Tuesday, 9 March 2010
PRE-ORDER: Monkey Steak - Hyped Up/Bombeiros/Tigris Riddim/Haarlem Drift [SteakHouse]
Bristol bass fiends Atki2 and Hanuman – collectively Monkey Steak - have a pretty admirable record for pulling together the best bits of many of the globe’s bass mutations. The first release for their Steak House label was strangely psychedelic, despite its often rapid-fire nature – next to Mr. Gasparov’s comparatively delicate ‘1975’, Lisbon duo Octa Push’s pair of tracks were positively manic, both furiously addictive slabs of funky-infused electro noise.
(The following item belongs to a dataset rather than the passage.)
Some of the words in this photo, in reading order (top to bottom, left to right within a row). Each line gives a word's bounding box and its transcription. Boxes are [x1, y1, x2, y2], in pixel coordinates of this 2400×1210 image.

Meanwhile, their recent 12” for the Idle Hands label has proven to be one of the year’s best, notable especially for Atki2 and Dub Boy’s stunning ‘Tigerflower’. It also welcomed a less obvious aspect to their sound, favouring gradual change and melodic progression over simple dancefloor action.
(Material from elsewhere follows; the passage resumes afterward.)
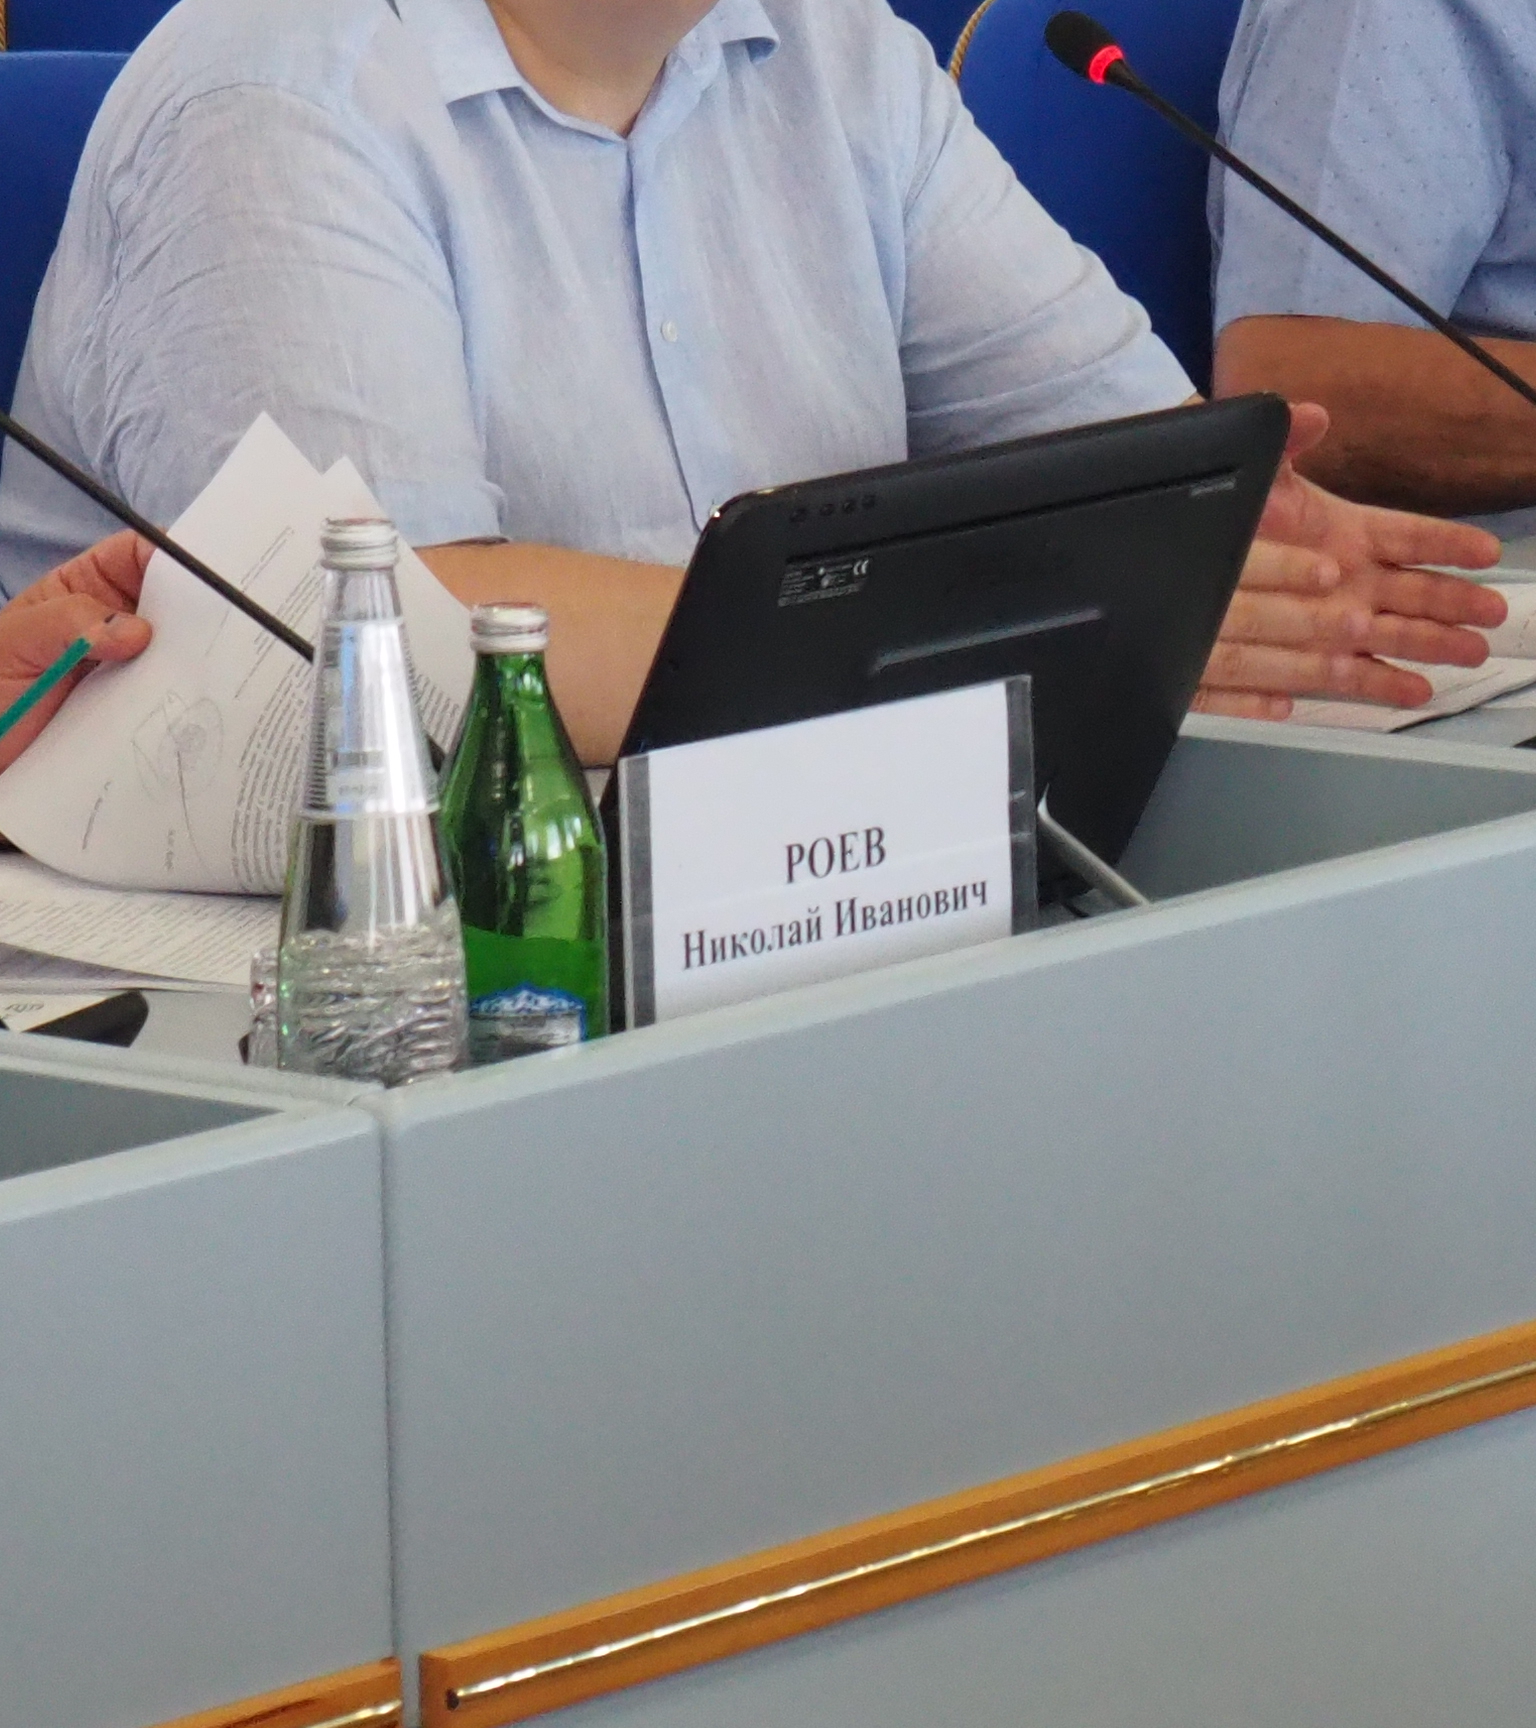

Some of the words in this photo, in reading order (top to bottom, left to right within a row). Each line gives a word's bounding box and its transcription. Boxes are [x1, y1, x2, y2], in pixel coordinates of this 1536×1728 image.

[786, 827, 886, 884] РОЕВ
[684, 906, 822, 970] Николай
[835, 881, 987, 937] Иванович
The second release for Steak House sees Atki2 and Hanuman further explore both sides of that split personality: both tracks on the A-side hit like a ton of bricks from the off. ‘Hyped Up!’ and its counterpart riddim ‘Bombeiros’ rattle along at a nerve-busting 150 bpm, their tightly syncopated percussion and frazzled stabs of synth more akin to Octa Push or Buraka Som Sistema’s electrified kuduro than the slightly more sedate vibes of UK funky. The presence of Ghislain Poirier collaborator MC Zulu only serves to solidify this connection, his ever-escalating excitement impressively suited to the music’s manic nature.
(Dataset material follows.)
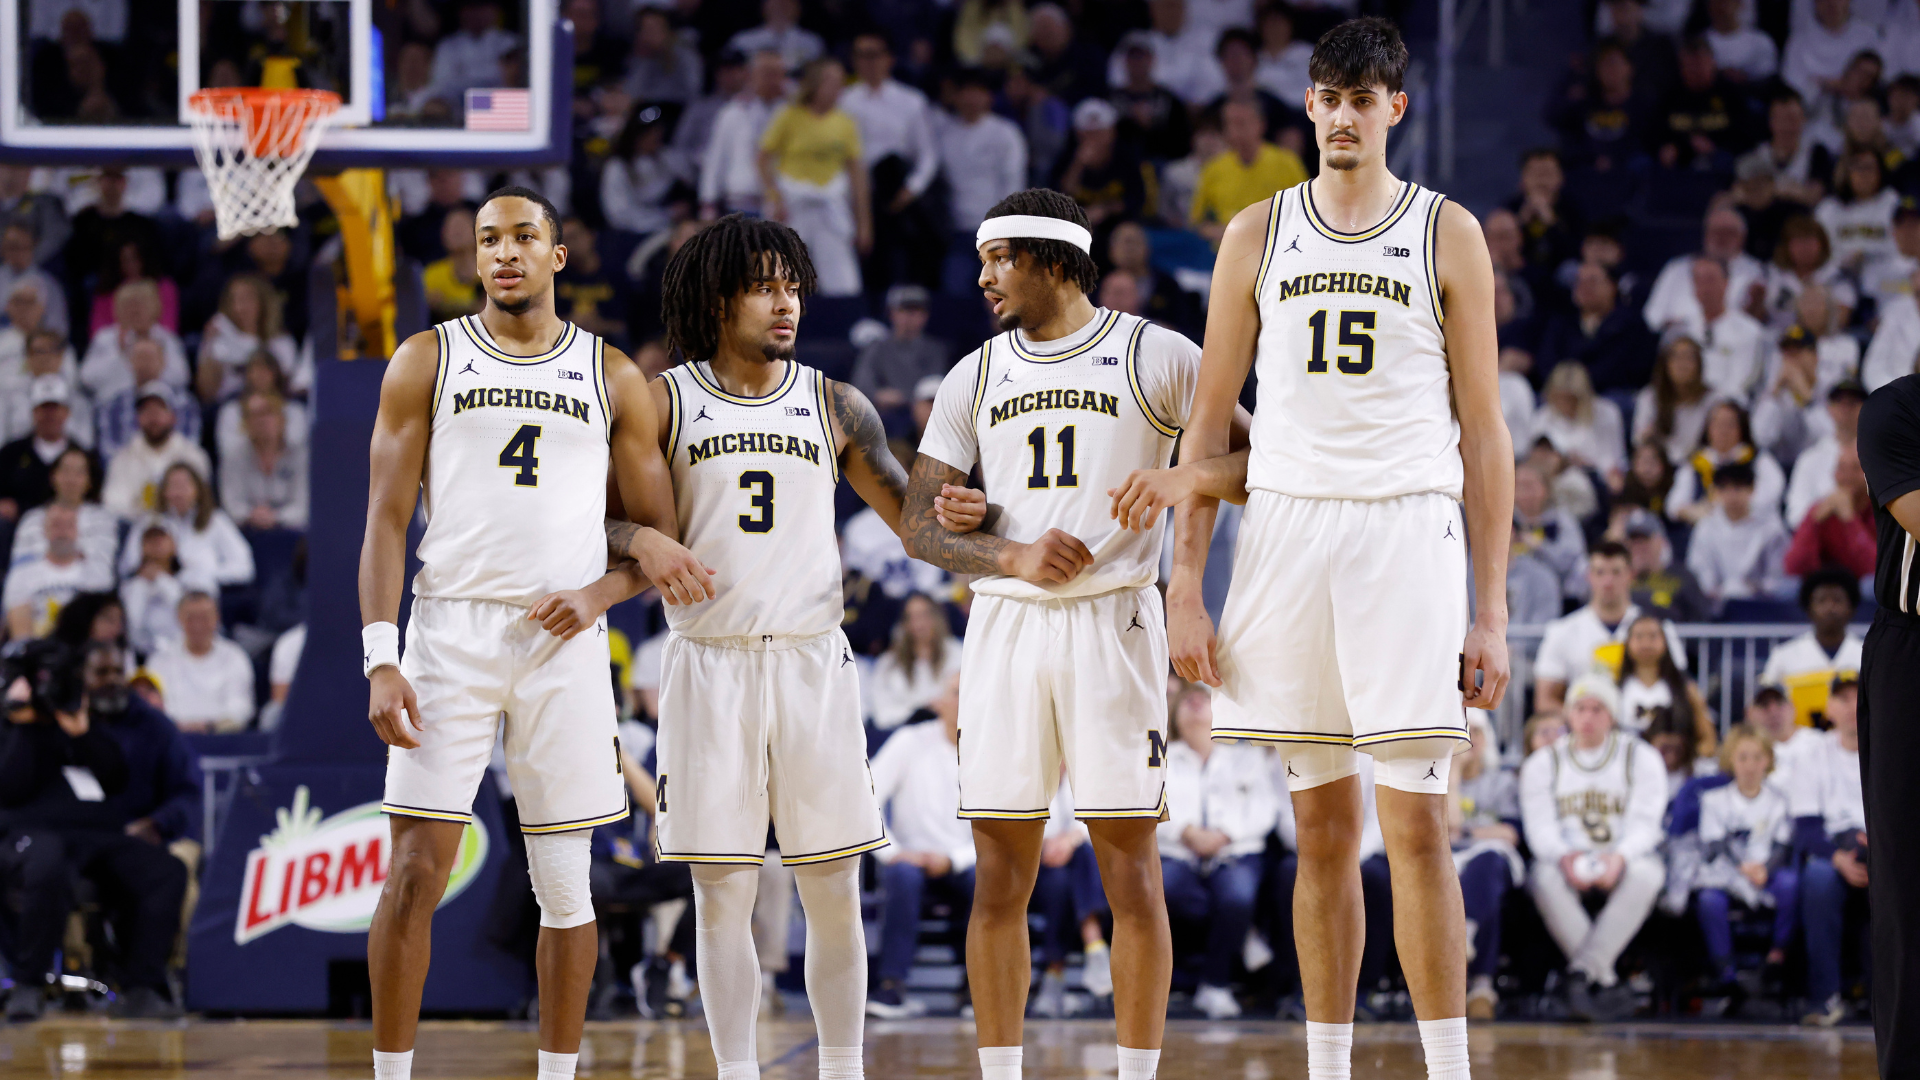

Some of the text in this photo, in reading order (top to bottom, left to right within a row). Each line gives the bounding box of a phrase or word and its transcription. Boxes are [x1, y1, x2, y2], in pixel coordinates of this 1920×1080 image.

The duo’s more experimental side, though, is far better represented on the flip. ‘Tigris Riddim’ is one of the most intriguing hybrids to have emerged so far this year, centred around a lopsided Arabian folk sample that curls around the beat like plumes of shisha smoke. It’s also one of the best, its cut-and-paste nature making it a pleasure to unpick on a decent pair of headphones. Though faster again, ‘Haarlem Drift’ continues in a similar vein, giving equal priority to musical development as to raw dance energy, and in doing so significantly upping its longevity. Though the scorched carnival atmosphere of Zulu’s contribution remains true to this music’s basic purpose, the slightly more exploratory bent they’re taking on the B-side suits Monkey Steak well. Long may it continue.